*What to work on*
When you copy the material below, keep every line exact and drop the pictures.

### Records shown ###

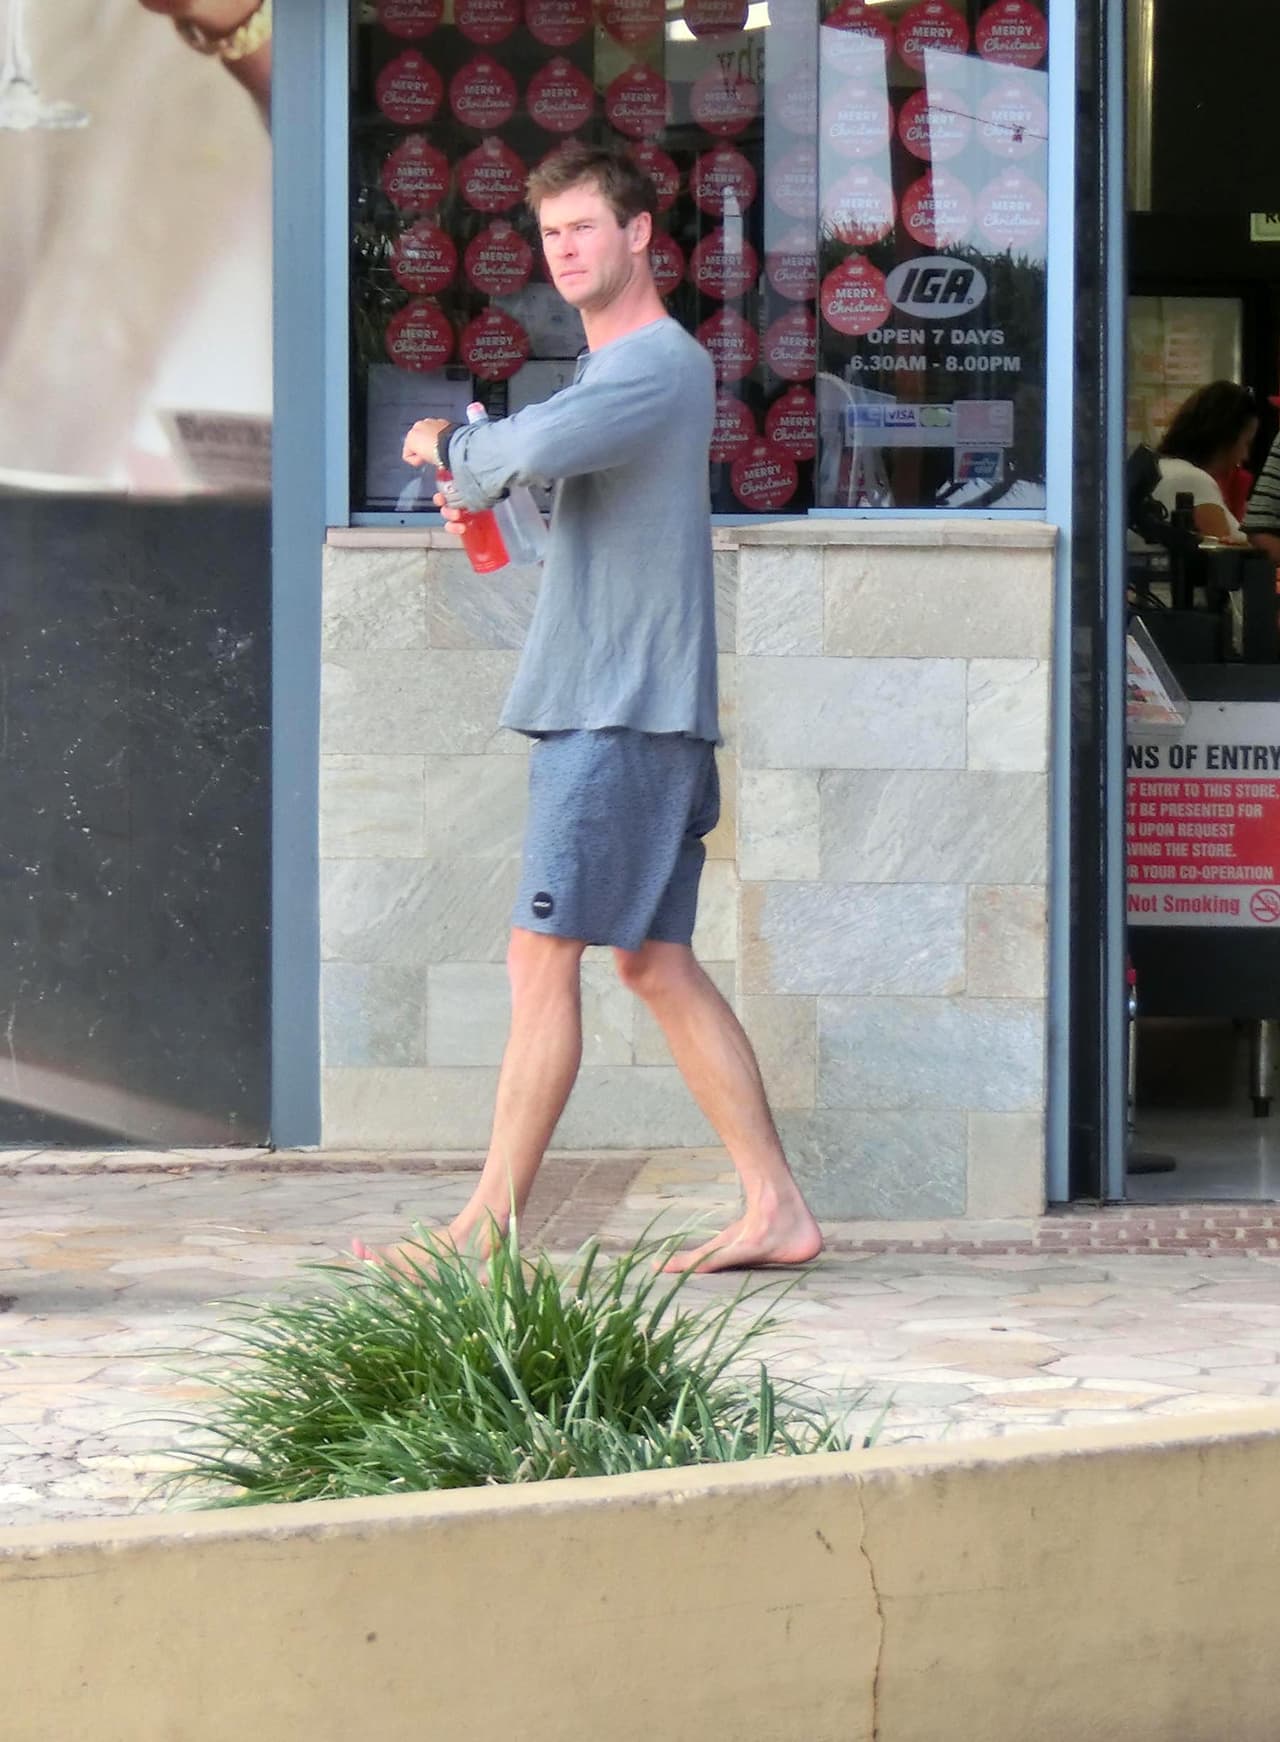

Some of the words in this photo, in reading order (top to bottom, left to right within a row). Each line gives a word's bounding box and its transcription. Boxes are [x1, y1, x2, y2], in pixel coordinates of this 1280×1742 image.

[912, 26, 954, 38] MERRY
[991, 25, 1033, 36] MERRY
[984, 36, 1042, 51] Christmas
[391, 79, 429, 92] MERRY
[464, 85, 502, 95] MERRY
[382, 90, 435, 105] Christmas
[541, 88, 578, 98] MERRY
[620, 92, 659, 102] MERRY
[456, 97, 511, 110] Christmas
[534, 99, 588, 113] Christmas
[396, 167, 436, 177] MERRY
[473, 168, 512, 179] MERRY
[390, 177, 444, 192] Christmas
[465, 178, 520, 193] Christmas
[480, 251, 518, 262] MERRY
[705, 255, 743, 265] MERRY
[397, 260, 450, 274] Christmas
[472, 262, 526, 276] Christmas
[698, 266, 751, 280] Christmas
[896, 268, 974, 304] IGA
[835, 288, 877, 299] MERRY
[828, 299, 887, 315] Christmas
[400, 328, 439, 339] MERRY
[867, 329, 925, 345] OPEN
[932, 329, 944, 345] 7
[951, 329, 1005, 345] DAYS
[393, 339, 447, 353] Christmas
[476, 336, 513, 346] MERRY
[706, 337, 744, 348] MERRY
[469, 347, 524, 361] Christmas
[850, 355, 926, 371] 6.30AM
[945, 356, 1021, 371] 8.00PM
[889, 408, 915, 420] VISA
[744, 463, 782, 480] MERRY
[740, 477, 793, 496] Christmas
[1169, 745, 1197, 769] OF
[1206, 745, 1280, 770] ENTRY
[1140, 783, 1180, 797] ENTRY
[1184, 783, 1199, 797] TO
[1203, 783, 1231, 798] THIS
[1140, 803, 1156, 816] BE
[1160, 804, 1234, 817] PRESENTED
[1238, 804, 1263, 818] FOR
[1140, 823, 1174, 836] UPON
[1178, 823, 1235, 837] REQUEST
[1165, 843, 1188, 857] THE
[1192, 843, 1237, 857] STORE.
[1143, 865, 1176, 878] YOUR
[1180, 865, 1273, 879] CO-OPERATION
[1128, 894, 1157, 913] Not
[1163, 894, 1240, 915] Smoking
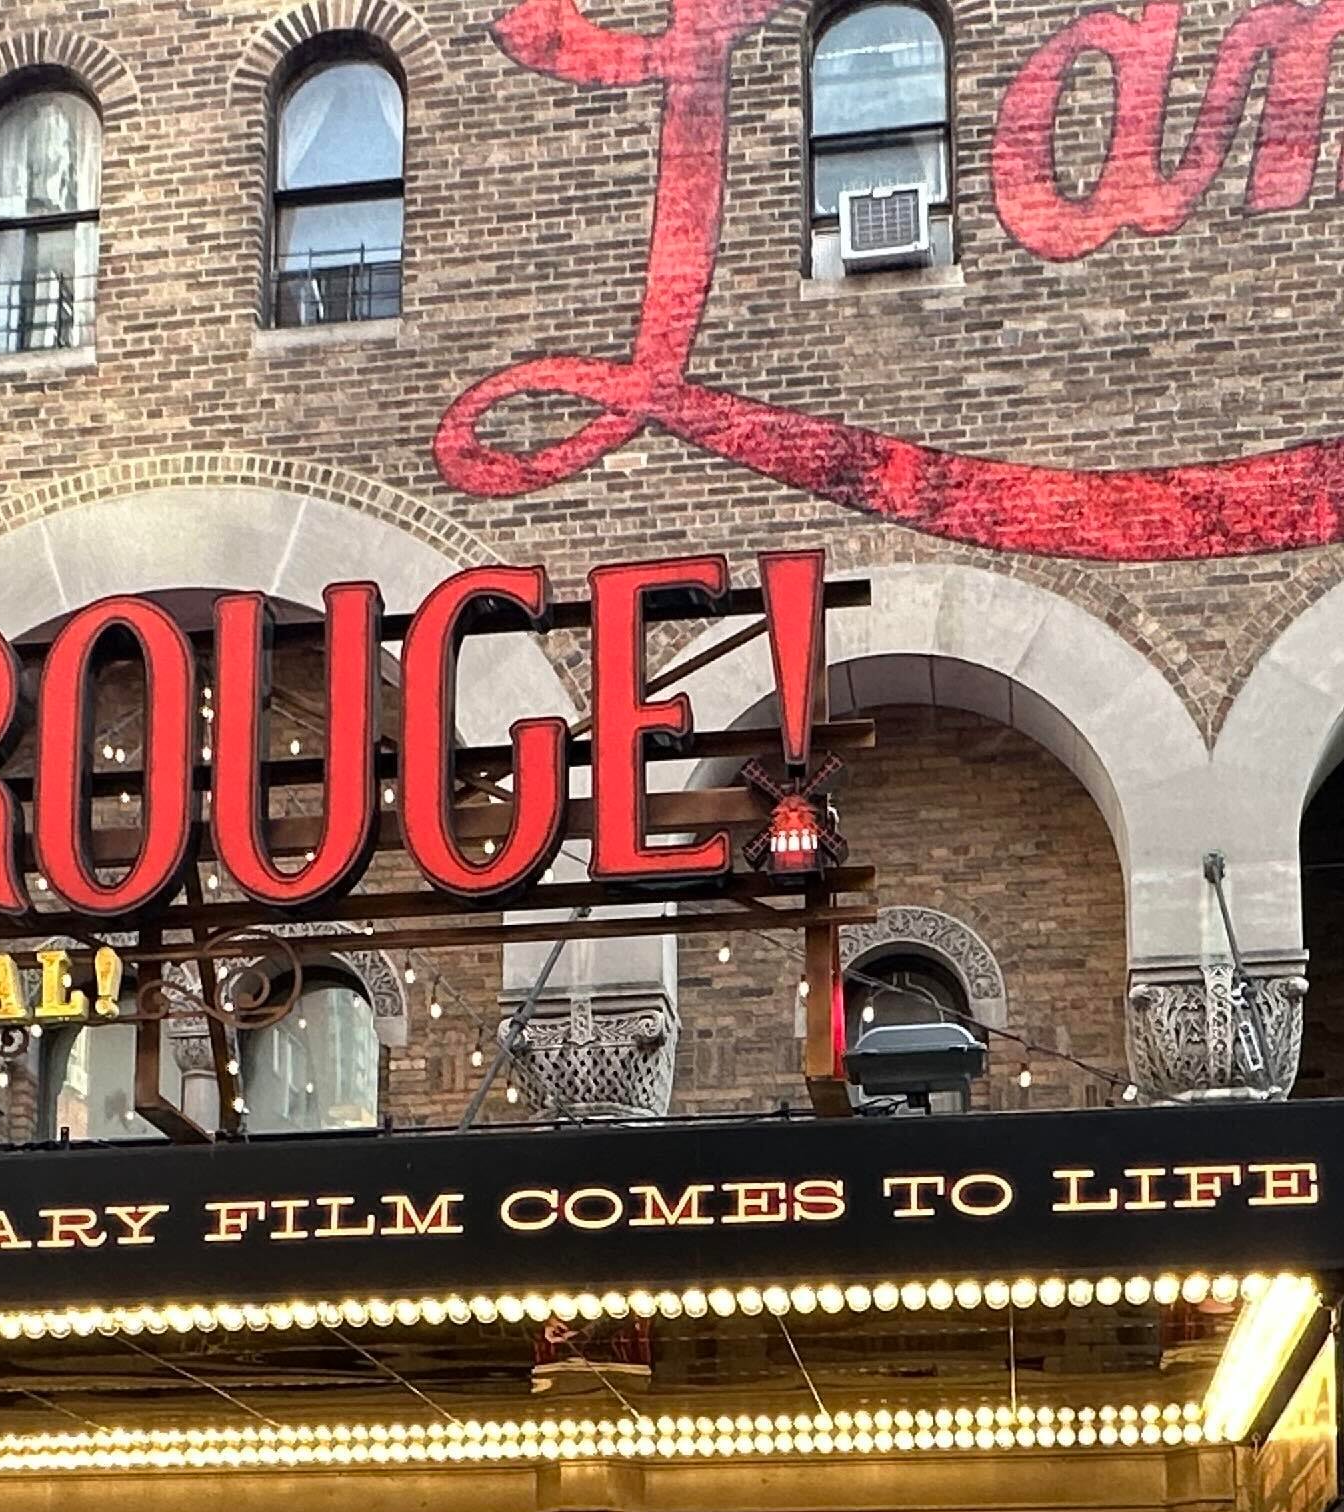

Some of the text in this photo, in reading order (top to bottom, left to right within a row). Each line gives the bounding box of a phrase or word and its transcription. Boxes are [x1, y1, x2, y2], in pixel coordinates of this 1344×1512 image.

###

*Solved problem*
Some of the words in this photo, in reading order (top to bottom, left to right within a row). Each line gives a word's bounding box and its transcription. Boxes are [x1, y1, x2, y2], in pixel coordinates of this 1280×1742 image.

[912, 26, 954, 38] MERRY
[991, 25, 1033, 36] MERRY
[984, 36, 1042, 51] Christmas
[391, 79, 429, 92] MERRY
[464, 85, 502, 95] MERRY
[382, 90, 435, 105] Christmas
[541, 88, 578, 98] MERRY
[620, 92, 659, 102] MERRY
[456, 97, 511, 110] Christmas
[534, 99, 588, 113] Christmas
[396, 167, 436, 177] MERRY
[473, 168, 512, 179] MERRY
[390, 177, 444, 192] Christmas
[465, 178, 520, 193] Christmas
[480, 251, 518, 262] MERRY
[705, 255, 743, 265] MERRY
[397, 260, 450, 274] Christmas
[472, 262, 526, 276] Christmas
[698, 266, 751, 280] Christmas
[896, 268, 974, 304] IGA
[835, 288, 877, 299] MERRY
[828, 299, 887, 315] Christmas
[400, 328, 439, 339] MERRY
[867, 329, 925, 345] OPEN
[932, 329, 944, 345] 7
[951, 329, 1005, 345] DAYS
[393, 339, 447, 353] Christmas
[476, 336, 513, 346] MERRY
[706, 337, 744, 348] MERRY
[469, 347, 524, 361] Christmas
[850, 355, 926, 371] 6.30AM
[945, 356, 1021, 371] 8.00PM
[889, 408, 915, 420] VISA
[744, 463, 782, 480] MERRY
[740, 477, 793, 496] Christmas
[1169, 745, 1197, 769] OF
[1206, 745, 1280, 770] ENTRY
[1140, 783, 1180, 797] ENTRY
[1184, 783, 1199, 797] TO
[1203, 783, 1231, 798] THIS
[1140, 803, 1156, 816] BE
[1160, 804, 1234, 817] PRESENTED
[1238, 804, 1263, 818] FOR
[1140, 823, 1174, 836] UPON
[1178, 823, 1235, 837] REQUEST
[1165, 843, 1188, 857] THE
[1192, 843, 1237, 857] STORE.
[1143, 865, 1176, 878] YOUR
[1180, 865, 1273, 879] CO-OPERATION
[1128, 894, 1157, 913] Not
[1163, 894, 1240, 915] Smoking

Some of the text in this photo, in reading order (top to bottom, left to right within a row). Each line gives the bounding box of a phrase or word and its transcription. Boxes are [x1, y1, x2, y2], in pixel coordinates of this 1344×1512 image.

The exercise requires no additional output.